Élise raccompagna Adrien jusqu’à l’ascenseur avec un sourire impeccable et le sang glacé.
Dès qu’il disparut, elle appela l’école de Mila. Tout allait bien, lui assura-t-on. Mila dessinait des chèvres violettes en cours d’arts plastiques et refusait de manger des épinards. Une journée normale, donc. Trop normale.
Le soir, Élise rentra dans son petit appartement de Saint-Mandé, loin des vitres luxueuses de Valmont. Mila l’attendait sur le canapé, un vieux sweat trop grand sur les genoux.

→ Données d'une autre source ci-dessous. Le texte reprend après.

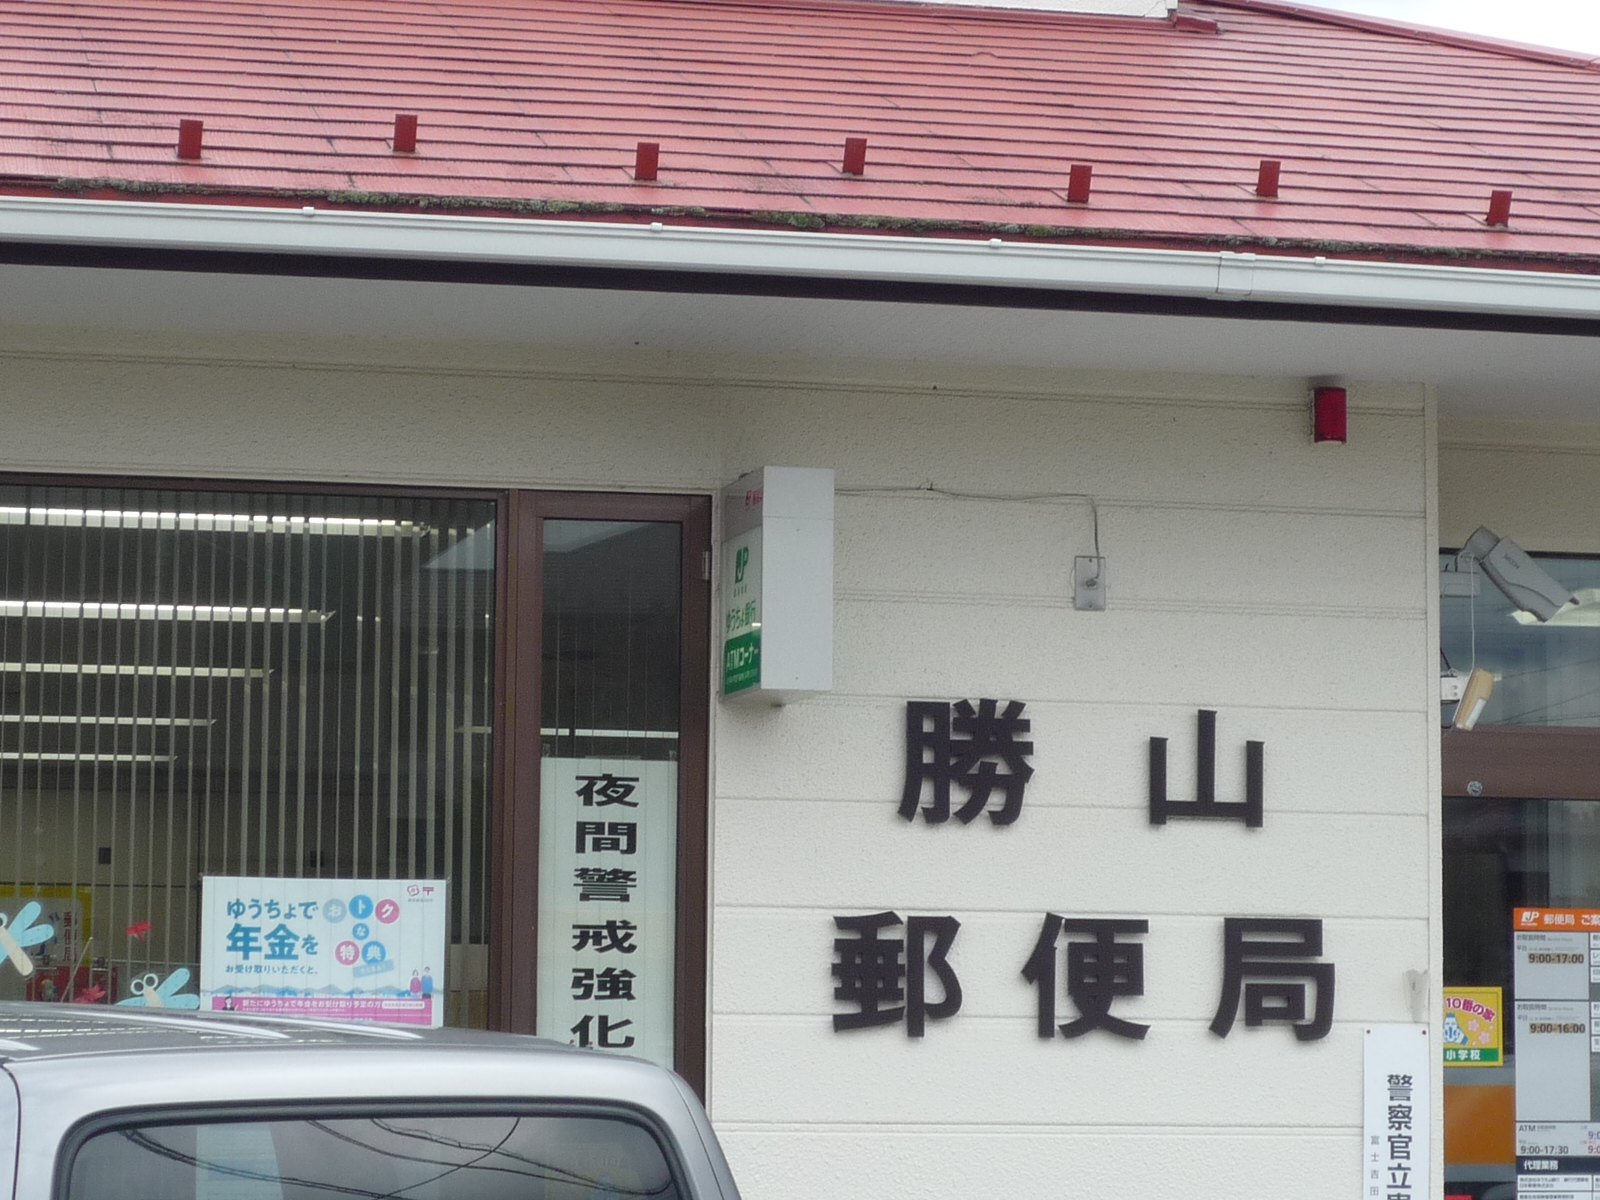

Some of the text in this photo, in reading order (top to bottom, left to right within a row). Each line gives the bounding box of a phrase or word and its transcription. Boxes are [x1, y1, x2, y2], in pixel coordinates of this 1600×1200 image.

« Tata, est-ce que les gens peuvent devenir gentils après avoir été méchants ? »
La question la frappa plus fort qu’une gifle.
« Pourquoi tu demandes ça ? »
Mila haussa les épaules.
« Un monsieur m’a dit que les champions ne sont pas toujours ceux qui gagnent. Parfois, c’est ceux qui avouent. »
Élise s’accroupit devant elle.
« Quel monsieur ? »
« Celui avec le sourcil cassé. Il m’a rendu Biquette. »
Biquette était la peluche préférée de Mila, une chèvre blanche aux cornes dorées, perdue le matin même devant l’école.
Adrien.
Élise sentit la colère monter. Elle coucha Mila, vérifia trois fois les serrures, puis trouva Adrien devant l’immeuble, appuyé contre sa voiture.
« Vous vous approchez encore d’elle, je vous détruis », dit-elle.
Il encaissa sans bouger.
« Elle pleurait. Je lui ai rendu sa peluche. Je ne savais pas qu’elle était… »
« Quoi ? Mon point faible ? »
« Votre famille. »
Le mot tomba entre eux avec une douceur inattendue.
Adrien sortit une enveloppe de sa poche. Pas de menace cette fois. Une copie d’un rapport médical, une déposition ancienne, et la photo d’une femme : Clara Marceau, la sœur d’Élise, disparue depuis trois ans.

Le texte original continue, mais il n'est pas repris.